The author Jacob McNeal is, amongst different issues, a bestselling and influential novelist, an esteemed winner of the Nobel prize for literature, a author with fashion constant and public sufficient to function a immediate for Chat GPT. From one other view: a narcissistic cad, a horrible father, a lonely drunk. Individuals argue whether or not he’s a genius, a fraud, an iconoclast. After practically two hours with him, it’s not clear which. Although mesmerizingly delivered to life by Robert Downey Jr in Ayad Akhtar’s muddled and sometimes poignant new play of the identical identify, McNeal stays extra reflection than character – a projection of success, an outlet for anxieties over synthetic intelligence, a cipher to destabilize one’s view of actuality.
All of those angles provide fertile materials for a play of concepts, and to Akhtar’s credit score, McNeal is just not solely a uncommon authentic Broadway play however an bold one, given starry billing and splashy, tech-forward staging at Lincoln Middle. It’s additionally all over, a play of robust performances – Downey, in his Broadway debut, chief amongst them – that chafe towards imprecise, inchoate concepts a few vaguely ghoulish know-how.
Issues begin merely sufficient: a large, blue light-abundant iPhone interface looming above the stage, the house web page monitoring the minutes clicking by on Friday, 10 October in a approach intriguingly acquainted to most individuals within the viewers. It’s someday within the close to future, when Chat GPT-like AI is much more firmly grounded in American day by day life – sufficient, as McNeal off-handedly remarks in Dr Sahra Grewal’s (Ruthie Ann Miles) workplace, that a number of New York Instances bestsellers are brazenly composed by machine studying.
The play proceeds in chronological-ish chapters within the sundown days of McNeal’s distinguished profession: an appointment diagnosing liver illness; a triumphantly tipsy and moralizing speech accepting the Nobel prize; a gathering along with his hammy agent Stephie (Andrea Martin); a reunion along with his estranged grownup son Harlan (a jittery Rafi Gavron), who harbors intense loathing for the daddy he blames for his mom’s suicide a long time prior (and which options some telenovela-esque revelations that just about took me out of the play solely). Some border on the surreal; some, particularly a tete-a-tete between proudly un-woke McNeal and a younger feminine Black reporter on the New York Instances (Brittany Bellizeare, a standout) whip up propulsive, left-field pressure because the novelist plunges deeper into the whiskey bottle. (Michael Yeargan and Jake Barton’s evocative units cowl each, most pleasingly launched in a luscious bookshelf filled with each actual and made-up titles.)
However because the chapters construct, the narrative cohesion slackens. For every interlude intentionally muddies the waters by introducing the prospect of AI-generated materials – Downey Jr’s voice, as McNeal, prompting the machine for the scenes we’re about to witness and offering private materials to synthesize. Finally, the projections ship dialogue as deepfakes of McNeal and his late spouse/former paramour (Melora Hardin). (This system credit the “digital composites” to the corporate AGBO.)
Akhtar, a Pulitzer-winning dramatist (in 2013, for Disgraced) and novelist, has dressed up a reliably grating inclination – a author writing about writing – with the mind-bending and reality-questioning drama of our fears with AI. The framing gadgets don’t must do a lot to the touch on, with out spoiling, the traces between inspiration and exploitation, between borrowing and theft, between help and dishonest. Though delineating it this fashion appears like I’m giving the play an excessive amount of credit score – McNeal at most nudges these fault traces, seemingly happy with mentioning the subject as an finish unto itself.

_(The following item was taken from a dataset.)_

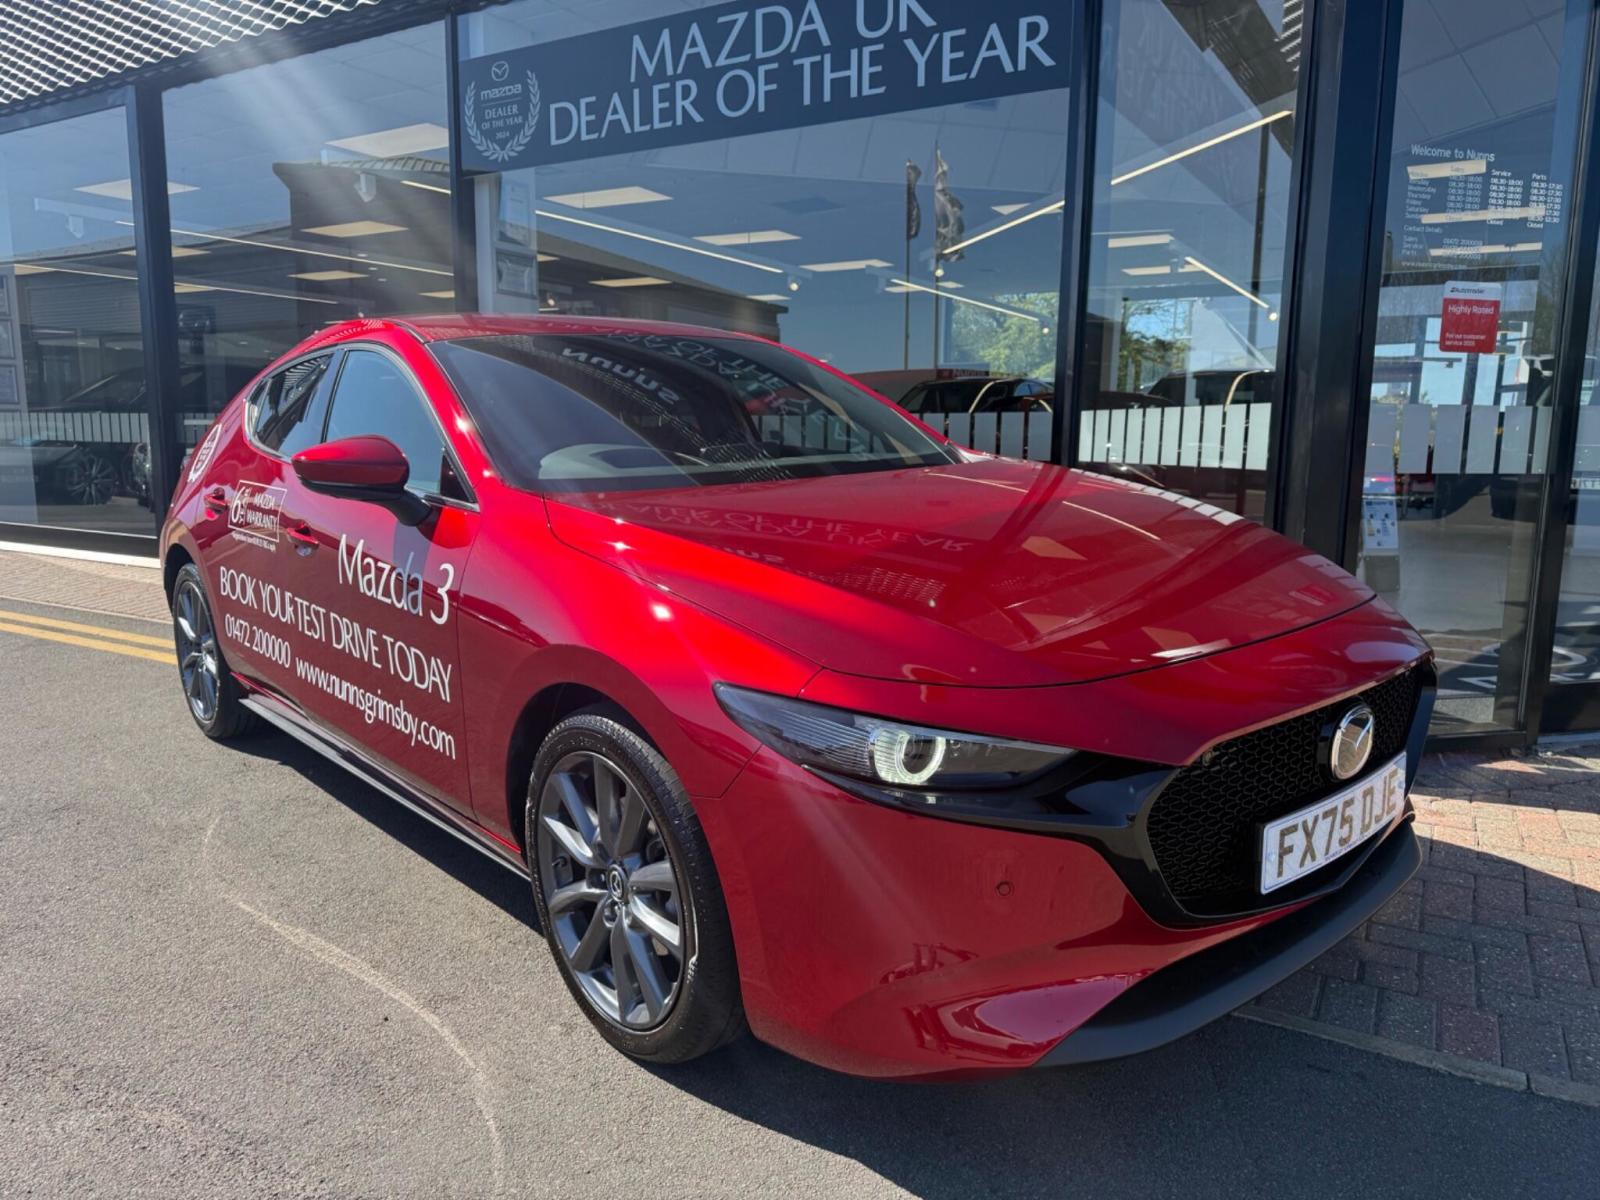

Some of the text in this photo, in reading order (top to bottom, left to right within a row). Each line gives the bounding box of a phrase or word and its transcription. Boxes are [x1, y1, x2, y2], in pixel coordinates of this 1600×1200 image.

Downey, working firmly in his lane of wise-cracking, sardonic charisma, is no less than by no means lower than compelling, and fortunately on stage for nearly the entire present; the entire train is value it to see an actor in peak, seemingly simple type. He sells McNeal each as a narcissist spiraling on the finish of his highway and as a provocation of AI’s blurry moral traces. Such provocation incorporates little perception, past that AI is frightening and will make issues worse; maybe McNeal’s most attention-grabbing concept is the unoriginal notion that generative AI will allow narcissists, or that it’s going to enable individuals to specific themselves by a creative medium with out placing within the exhausting work of craft.
McNeal ends on a confounding be aware, explicitly invoking the query: what’s actual, and the way are you aware? One might generously learn the play’s descent into confusion as a meta treatise on what a world filled with AI slop and questionably generated materials will wreak on our notion, tenuous as it’s already. One might additionally say that it’s a little bit of unearned ambiguity. Our requirements haven’t fallen to this point but as to not hope for artwork with a transparent imaginative and prescient.